- [EXERCISE OBJECTIVE] Give back each entry exactly as written, apart from the pictures.

- [Phrase grounding data]

= = = = = = =

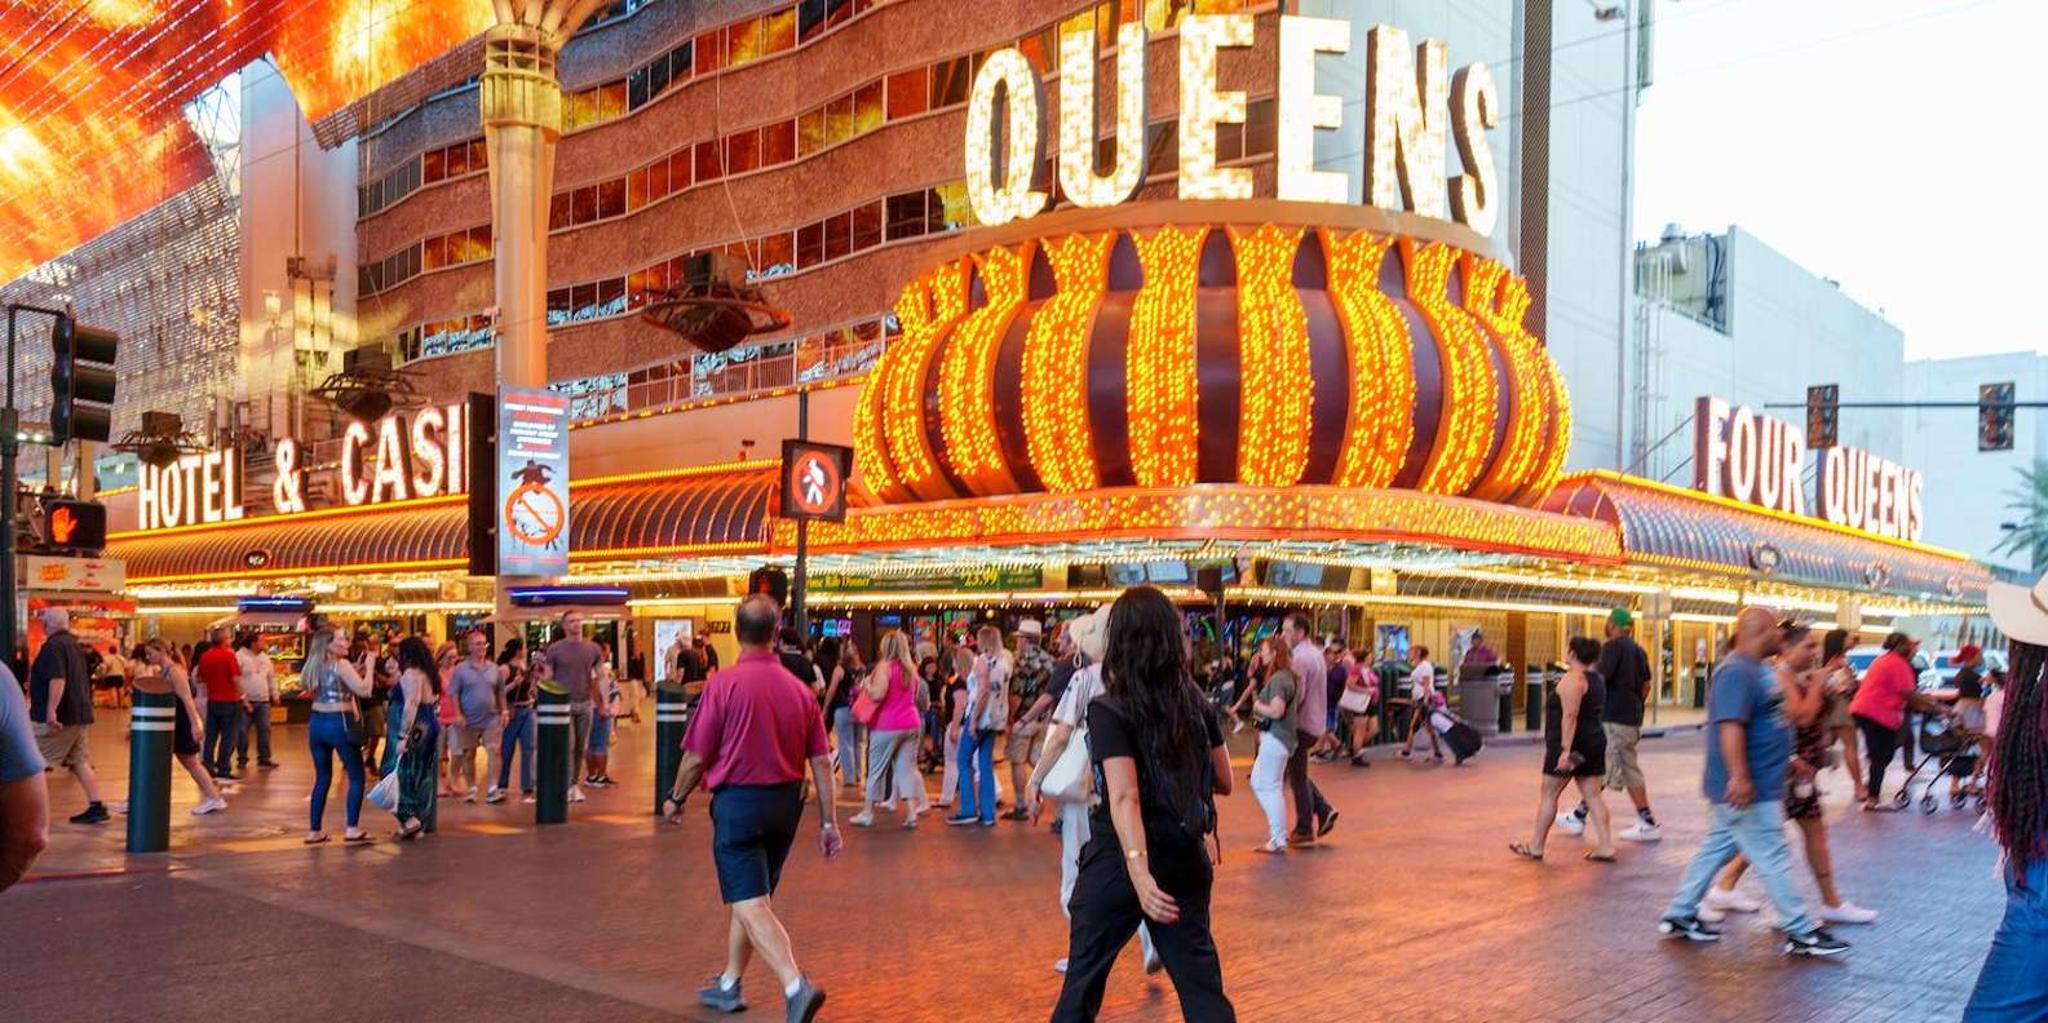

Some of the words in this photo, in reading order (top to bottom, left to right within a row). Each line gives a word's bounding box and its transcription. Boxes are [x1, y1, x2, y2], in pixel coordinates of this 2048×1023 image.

[964, 13, 1499, 238] QUEENS
[137, 447, 245, 530] HOTEL
[272, 436, 305, 515] &
[340, 402, 469, 506] CASI
[1705, 392, 1806, 517] FOUR
[1824, 444, 1924, 544] QUEENS

= = = = = = =

- [RESULT OF THIS TASK]
Some of the words in this photo, in reading order (top to bottom, left to right within a row). Each line gives a word's bounding box and its transcription. Boxes are [x1, y1, x2, y2], in pixel coordinates of this 2048×1023 image.

[964, 13, 1499, 238] QUEENS
[137, 447, 245, 530] HOTEL
[272, 436, 305, 515] &
[340, 402, 469, 506] CASI
[1705, 392, 1806, 517] FOUR
[1824, 444, 1924, 544] QUEENS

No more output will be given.